## Instructions for the task
Copy each line below as it stands, but skip any picture it contains.
┏━━
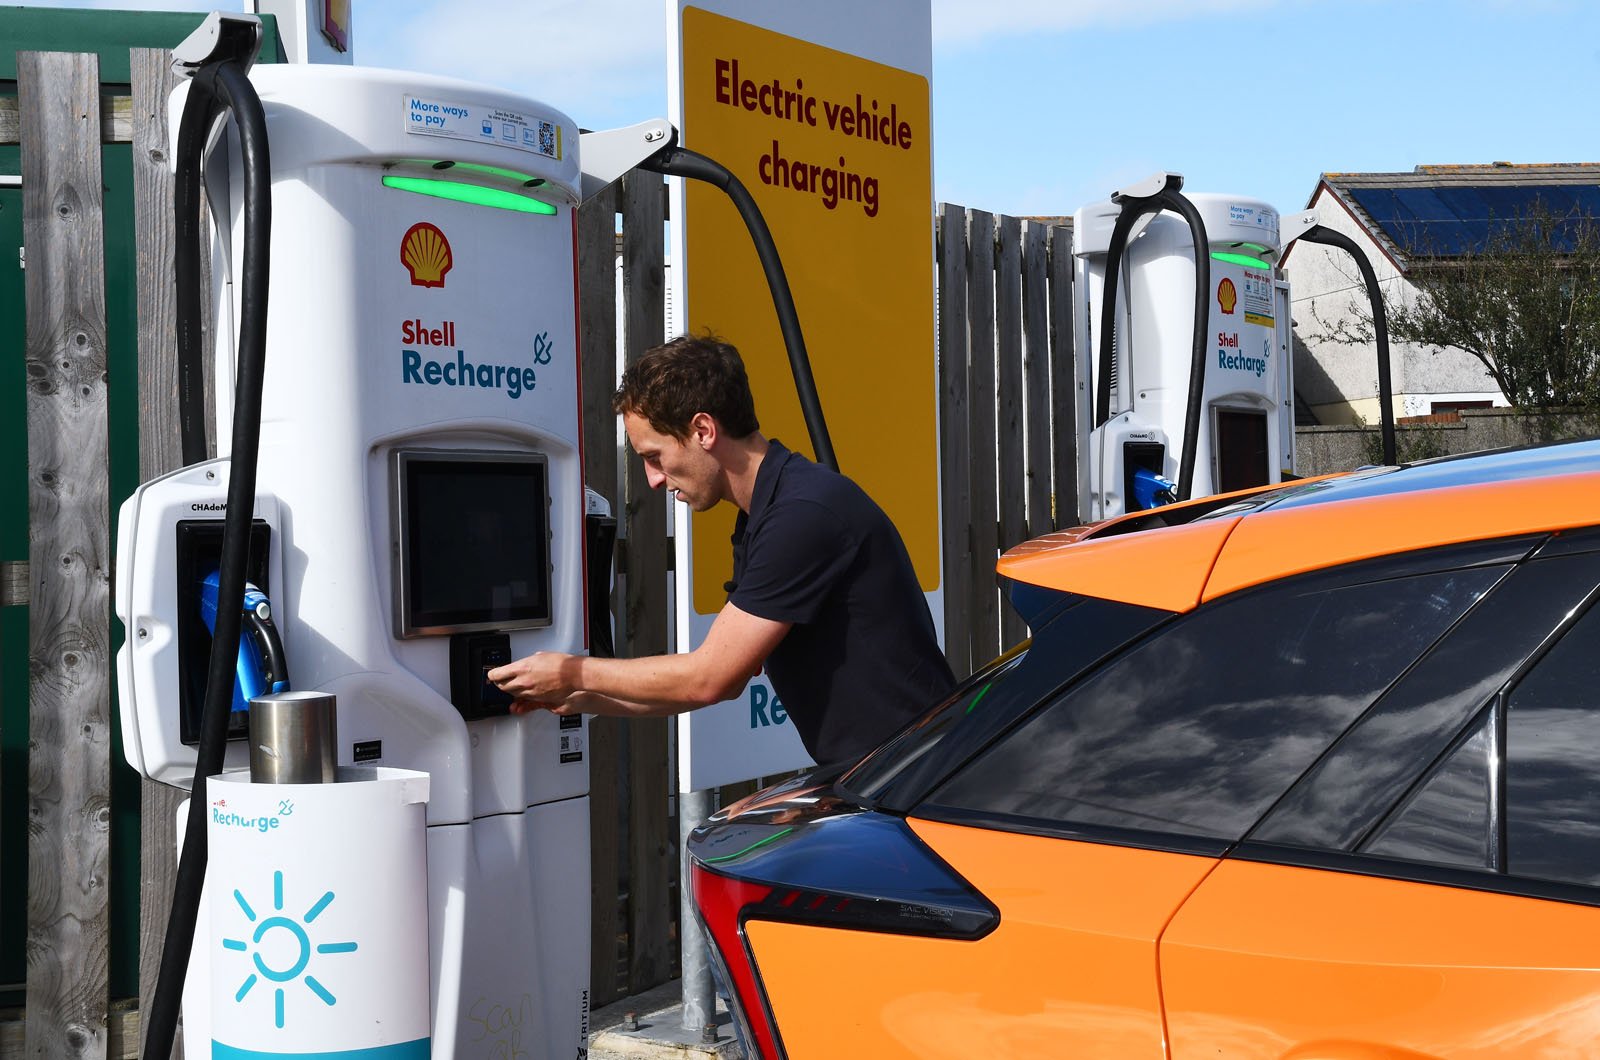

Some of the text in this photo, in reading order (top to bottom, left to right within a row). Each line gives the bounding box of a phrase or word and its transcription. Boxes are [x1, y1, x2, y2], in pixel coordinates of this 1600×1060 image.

[411, 98, 469, 119] More ways
[715, 58, 912, 150] Electric vehicle
[411, 111, 446, 128] to pay
[758, 139, 879, 218] charging
[1230, 204, 1243, 213] More
[402, 319, 455, 347] Shell
[1218, 331, 1239, 348] Shell
[402, 349, 536, 400] Recharge
[1218, 349, 1266, 378] Recharge
[923, 905, 954, 917] VISION
[468, 993, 534, 1043] Scan
[580, 990, 588, 1042] TRITIUM
┗━━
## Solution to this task
Some of the text in this photo, in reading order (top to bottom, left to right within a row). Each line gives the bounding box of a phrase or word and its transcription. Boxes are [x1, y1, x2, y2], in pixel coordinates of this 1600×1060 image.

[411, 98, 469, 119] More ways
[715, 58, 912, 150] Electric vehicle
[411, 111, 446, 128] to pay
[758, 139, 879, 218] charging
[1230, 204, 1243, 213] More
[402, 319, 455, 347] Shell
[1218, 331, 1239, 348] Shell
[402, 349, 536, 400] Recharge
[1218, 349, 1266, 378] Recharge
[923, 905, 954, 917] VISION
[468, 993, 534, 1043] Scan
[580, 990, 588, 1042] TRITIUM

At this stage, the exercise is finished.